Un an après la mise en circulation de la monnaie locale, 80’000 Lémans sont en circulation. «C’est exceptionnel, s’enthousiasme Jean Rossiaud, président de Monnaie Léman. Personne dans l’association ne s’attendait à ça!»
La clé du succès: une bonne idée qui correspond à l’air du temps. Car, comme monnaie complémentaire, le Léman n’entend pas se substituer au franc ou à l’euro, mais prône «une consommation responsable, écologique et sociale». En clair, en payant avec des Lémans, les utilisateurs «relocalisent l’économie», poursuit Jean Rossiaud. Ce que confirme Nathalie, gérante du café des Savoises, à Plainpalais, quand elle évoque certains de ses fournisseurs qui acceptent, eux aussi, la monnaie.
Mais une bonne idée, seule, ne suffit pas (forcément) pour faire un succès. Celui du Léman a été rendu possible par l’implication de commerces, entreprises et prestataires de services, genevois, vaudois (la monnaie s’est développée à Lausanne depuis quelques mois) ou de France voisine.
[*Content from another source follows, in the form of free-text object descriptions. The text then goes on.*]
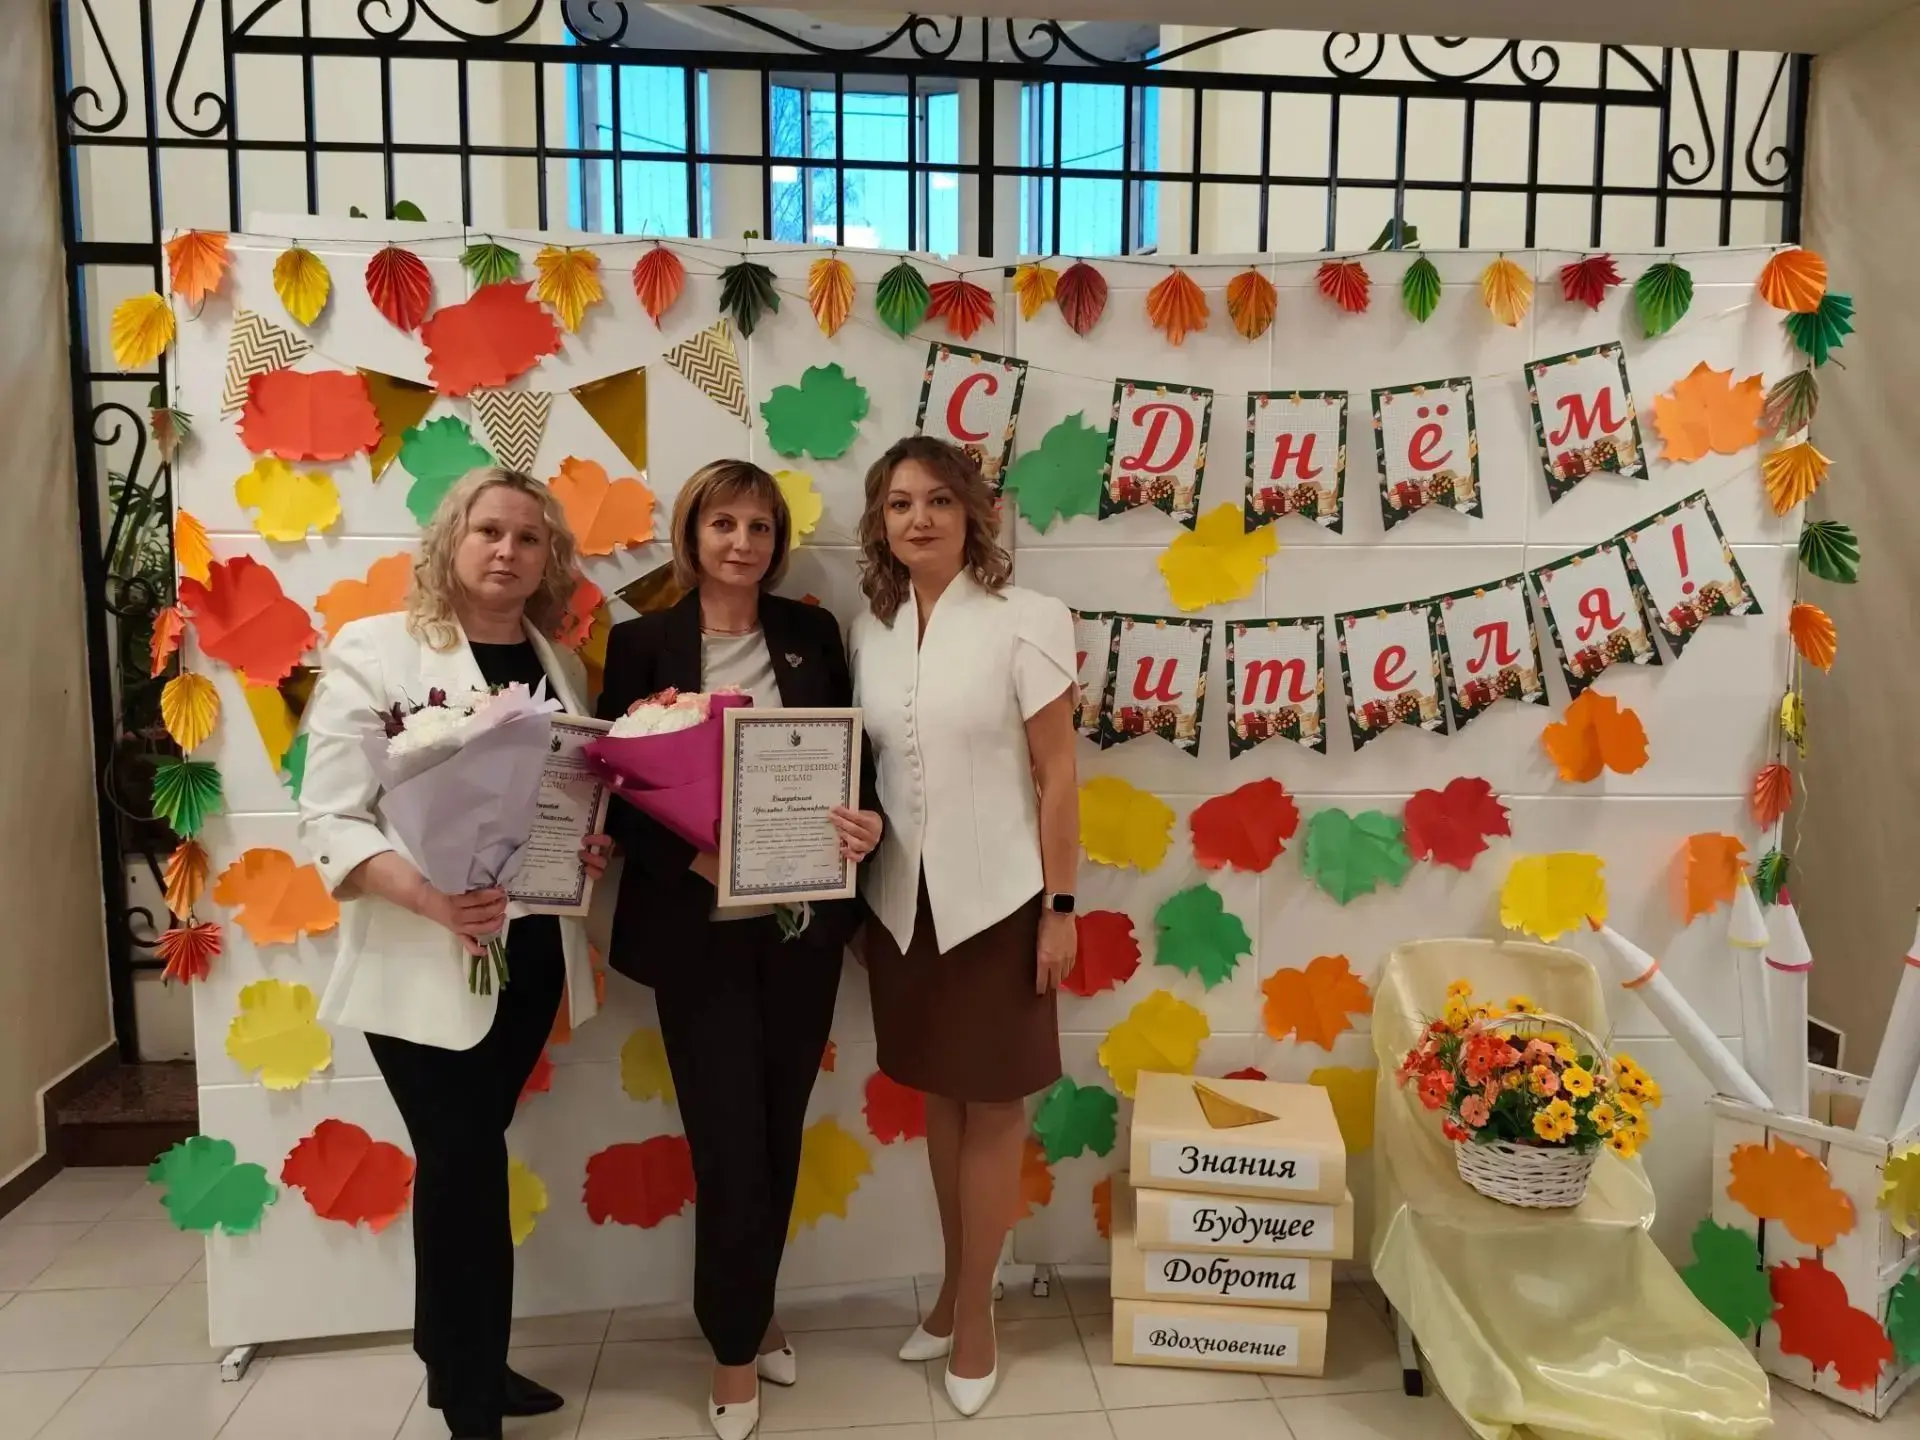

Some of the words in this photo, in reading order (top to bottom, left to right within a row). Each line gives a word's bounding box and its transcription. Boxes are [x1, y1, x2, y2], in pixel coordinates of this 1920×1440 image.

[946, 372, 998, 442] С
[1119, 385, 1627, 480] Днём
[1076, 523, 1695, 706] ителя!
[774, 774, 813, 782] ПИСЬМО
[1178, 1146, 1297, 1178] Знания
[1192, 1206, 1316, 1243] Будущее
[1163, 1257, 1297, 1294] Доброта
[1149, 1328, 1287, 1356] Вдохновение
Ils sont ainsi 300, dont les trois quarts à Genève, à accepter cette monnaie.
«Qu’est-ce que c’est que ce truc?»
Quant aux utilisateurs, ils sont quelque 1200 à venir échanger leurs francs contre des Lémans. Seulement? Dans la rue, rares sont ceux qui connaissent la monnaie complémentaire locale. Comme Sasia, qui découvre son existence tout en se questionnant sur sa pertinence. «J’ai déjà des francs et des euros, qu’est-ce que je vais m’embêter avec une troisième monnaie?» Loris, lui, s’il se dit plutôt favorable à une telle initiative, craint le peu de commerces participant. «Si je me retrouve avec de l’argent que je ne peux pas utiliser, cela ne me sera pas très utile…»
Jean Rossiaud entend ces réticences. Celles des entreprises aussi. Mais, selon lui, elles ont de moins en moins cours. «Il y a eu beaucoup d’incompréhension au début, il fallait être très pédagogue, faire comprendre que ce sont les entreprises qui ont le plus à y gagner.» A ce niveau-là, la gérante du Café des Savoises n’est plus à convaincre, même si elle a, elle aussi, un bémol: «On ne peut pas payer ses impôts en Lémans», reproche Nathalie. Pas encore, aurait-elle pu ajouter.